La plus grosse bagarre à laquelle vous avez assisté ?
C'était un jour d'entraînement à Toulouse. Bryan Bergougnoux avait mis de la musique dans le vestiaire et Albin Ebondo trouvait que c'était trop fort. Ils se sont embrouillés, Achille Emana s'en est mêlé et il a fallu tous les séparer. Ça part souvent d'un détail ce genre d'embrouilles
Et la plus belle fête ?
Celle qui a suivi la victoire du Barça en finale de C1, à Berlin (face à la Juventus 3-1, le 6 juin 2015). On s'est retrouvés entre joueurs, dans le salon d'un hôtel avec nos familles. On se prenait en photo à tour de rôle avec la coupe. Il y avait un peu d'alcool, pas de musique... C'était simple.
La consigne d'entraîneur que vous n'avez jamais comprise ?
Avec Miroslav Dukic, à Valence (en 2013), on ne comprenait pas comment il voulait nous faire jouer. Dans un espagnol approximatif, il nous donnait des consignes vagues, du genre "si en face ils jouent haut, jouez la profondeur". C'était pas fou, on va dire.
L'anecdote que vous n'avez jamais osé raconter ?
Je ne voulais pas aller au Barça. Quand le club m'a sollicité (en 2014), j'étais capitaine à Valence, j'appréciais ma vie là-bas et je me demandais : est-ce que je vais cirer le banc à Barcelone ? Quand j'ai reçu le contrat que me proposait Barcelone, j'ai rédigé un nouveau contrat, sur lequel figurait un salaire d'un niveau entre celui que je touchais à ce moment-là et celui que me proposait le Barça. J'ai montré ce faux contrat au directeur sportif de Valence, (Francisco) Rufete, en lui disant : "Si vous me donnez ça, je reste." Il m'a répondu : "Ça ne devrait pas poser de problème." On a appelé ensemble le président (Amadeo Salvo), qui a refusé. Rufete n'en revenait pas... J'ai déchiré le papier et je leur ai dit : "Alors je m'en vais." J'ai compris qu'ils ne comptaient pas sur moi. »
Sa vie d'ex
La saison dernière, alors qu'il était en fin de contrat au Sporting Portugal, Jérémy Mathieu songeait doucement à raccrocher les crampons, à 36 ans. « Je m'imaginais profiter du dernier match à domicile de la saison pour fêter ça, histoire de remercier le public et de partager ce moment avec ma famille en tribune. »

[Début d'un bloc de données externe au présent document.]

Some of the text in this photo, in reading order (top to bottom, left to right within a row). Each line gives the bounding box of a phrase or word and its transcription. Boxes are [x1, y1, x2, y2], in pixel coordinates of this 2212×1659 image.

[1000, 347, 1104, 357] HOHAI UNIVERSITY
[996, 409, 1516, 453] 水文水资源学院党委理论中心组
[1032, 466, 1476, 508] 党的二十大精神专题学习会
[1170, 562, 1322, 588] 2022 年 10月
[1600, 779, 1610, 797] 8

Mais ce scénario rêvé n'a pas eu lieu, en raison des huis clos imposés par la pandémie de Covid-19 et à cause d'une vilaine blessure contractée fin juin 2020, avant la reprise du Championnat portugais. « À l'entraînement, en défendant sur un jeune attaquant, je me suis fait une distension du ligament interne du genou gauche... J'en avais pour trois mois de rééducation et je n'ai pas eu le mental de repartir. » Depuis cet épisode, le défenseur né à Luxeuil-les-Bains (Haute-Saône) a déménagé avec sa femme et ses deux fils à Aix-en-Provence (Bouches-du-Rhône).

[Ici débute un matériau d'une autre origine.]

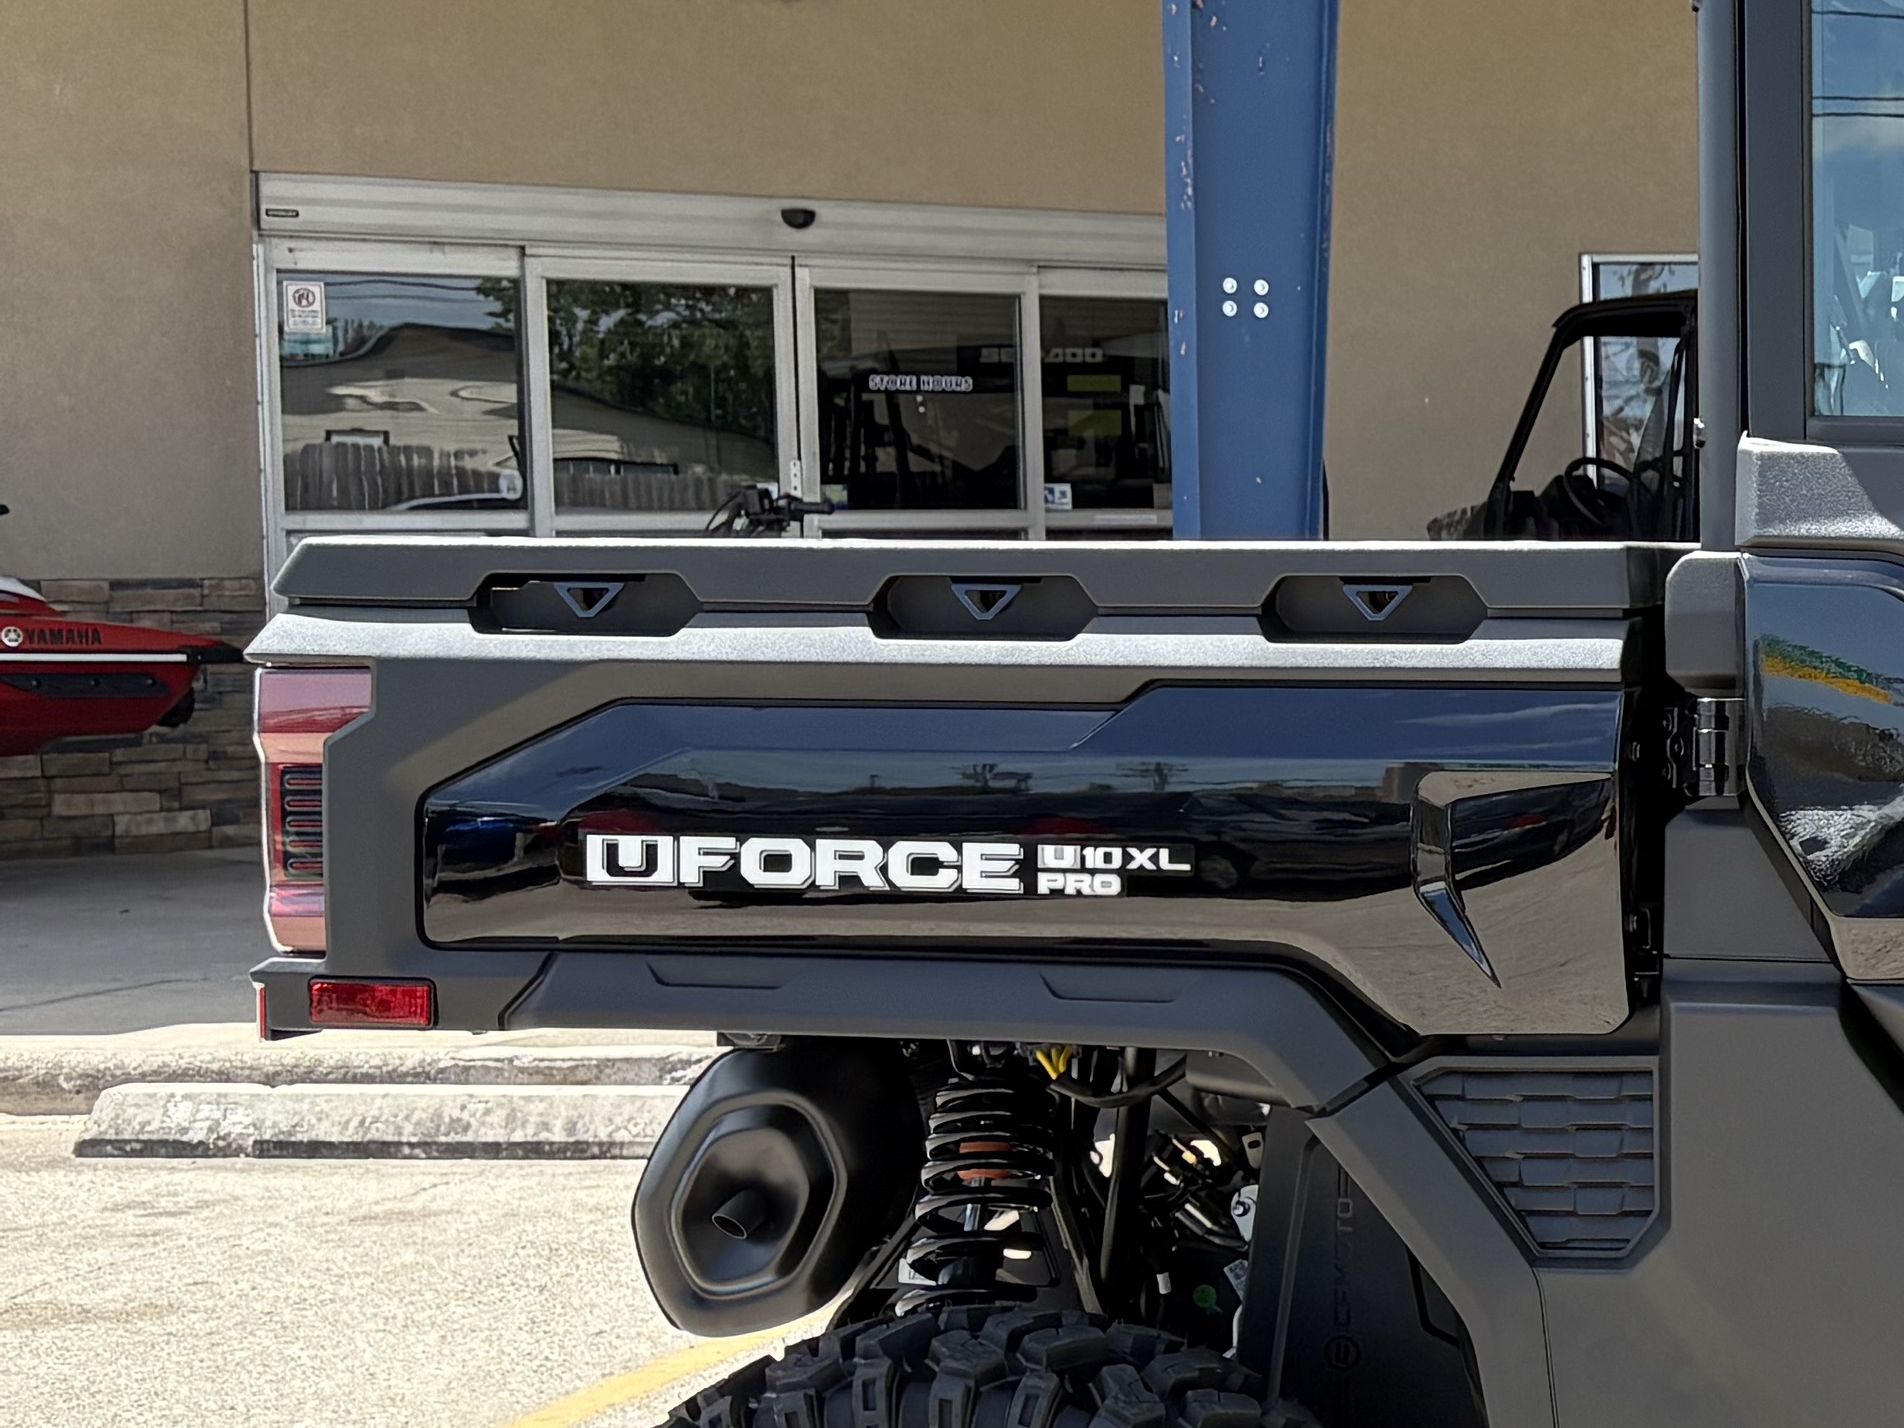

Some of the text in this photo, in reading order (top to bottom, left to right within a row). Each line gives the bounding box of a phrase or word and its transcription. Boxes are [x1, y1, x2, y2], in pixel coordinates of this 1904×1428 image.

[869, 374, 973, 391] STORE HOURS
[25, 627, 102, 645] YAMAHA
[584, 833, 1024, 895] UFORCE
[1037, 872, 1122, 896] PRO

Aujourd'hui, il s'interroge encore sur sa reconversion : « Je voudrais entraîner des enfants ou des ados qui ont envie de s'amuser avec le ballon, de rire. » À l'écouter, il ne replongera jamais dans le foot professionnel (« C'est presque sûr à 100 % »), un univers au sein duquel ce garçon réservé ne s'est pas spécialement épanoui, malgré la réussite sportive de sa carrière, ponctuée par un palmarès conséquent.